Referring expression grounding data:
--
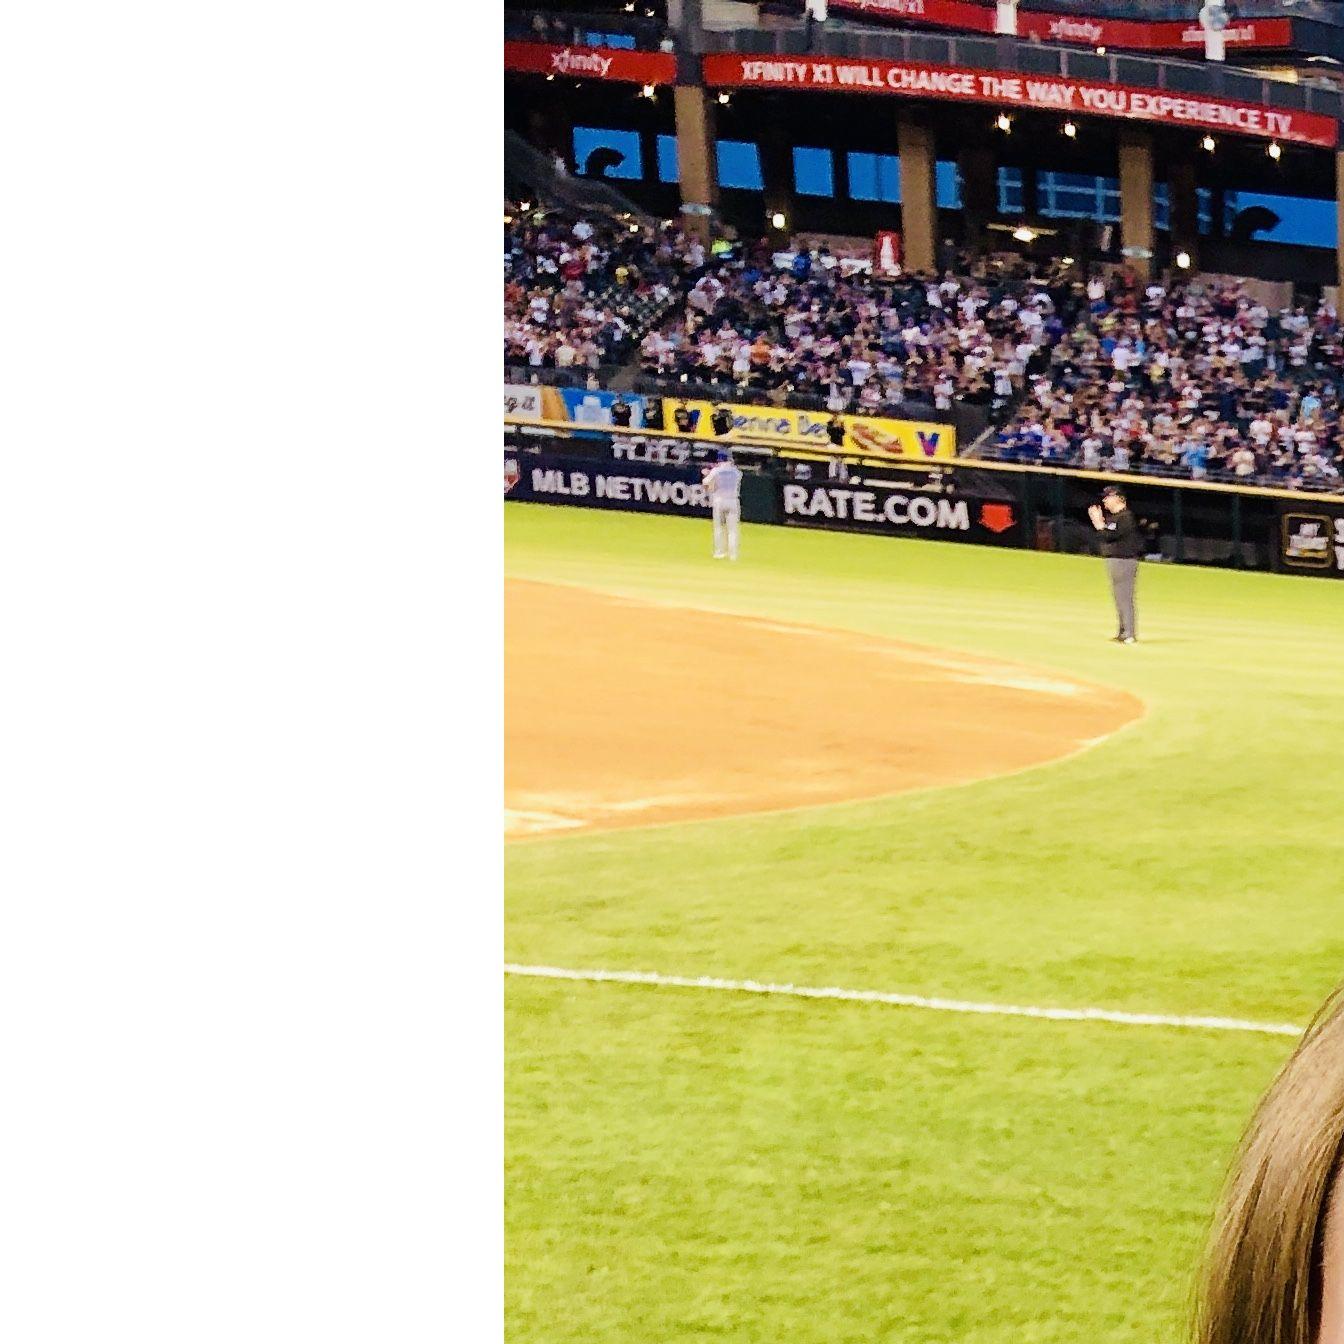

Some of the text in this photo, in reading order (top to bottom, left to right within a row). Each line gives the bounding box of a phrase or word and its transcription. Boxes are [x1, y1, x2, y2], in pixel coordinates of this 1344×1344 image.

[742, 61, 807, 82] XFINITY
[837, 65, 884, 87] WILL
[887, 67, 975, 95] CHANGE
[979, 76, 1021, 99] THE
[1026, 81, 1075, 104] WAY
[1079, 86, 1126, 110] YOU
[1130, 93, 1263, 129] EXPERIENCE
[1264, 111, 1293, 133] TV
[532, 468, 712, 507] MLB NETWOR
[783, 484, 970, 530] RATE.COM
--
[YOUR INSTRUCTIONS] Your copy should restate every record word for word and contain no pictures.

[OUTPUT FOR THIS EXERCISE]
Some of the text in this photo, in reading order (top to bottom, left to right within a row). Each line gives the bounding box of a phrase or word and its transcription. Boxes are [x1, y1, x2, y2], in pixel coordinates of this 1344×1344 image.

[742, 61, 807, 82] XFINITY
[837, 65, 884, 87] WILL
[887, 67, 975, 95] CHANGE
[979, 76, 1021, 99] THE
[1026, 81, 1075, 104] WAY
[1079, 86, 1126, 110] YOU
[1130, 93, 1263, 129] EXPERIENCE
[1264, 111, 1293, 133] TV
[532, 468, 712, 507] MLB NETWOR
[783, 484, 970, 530] RATE.COM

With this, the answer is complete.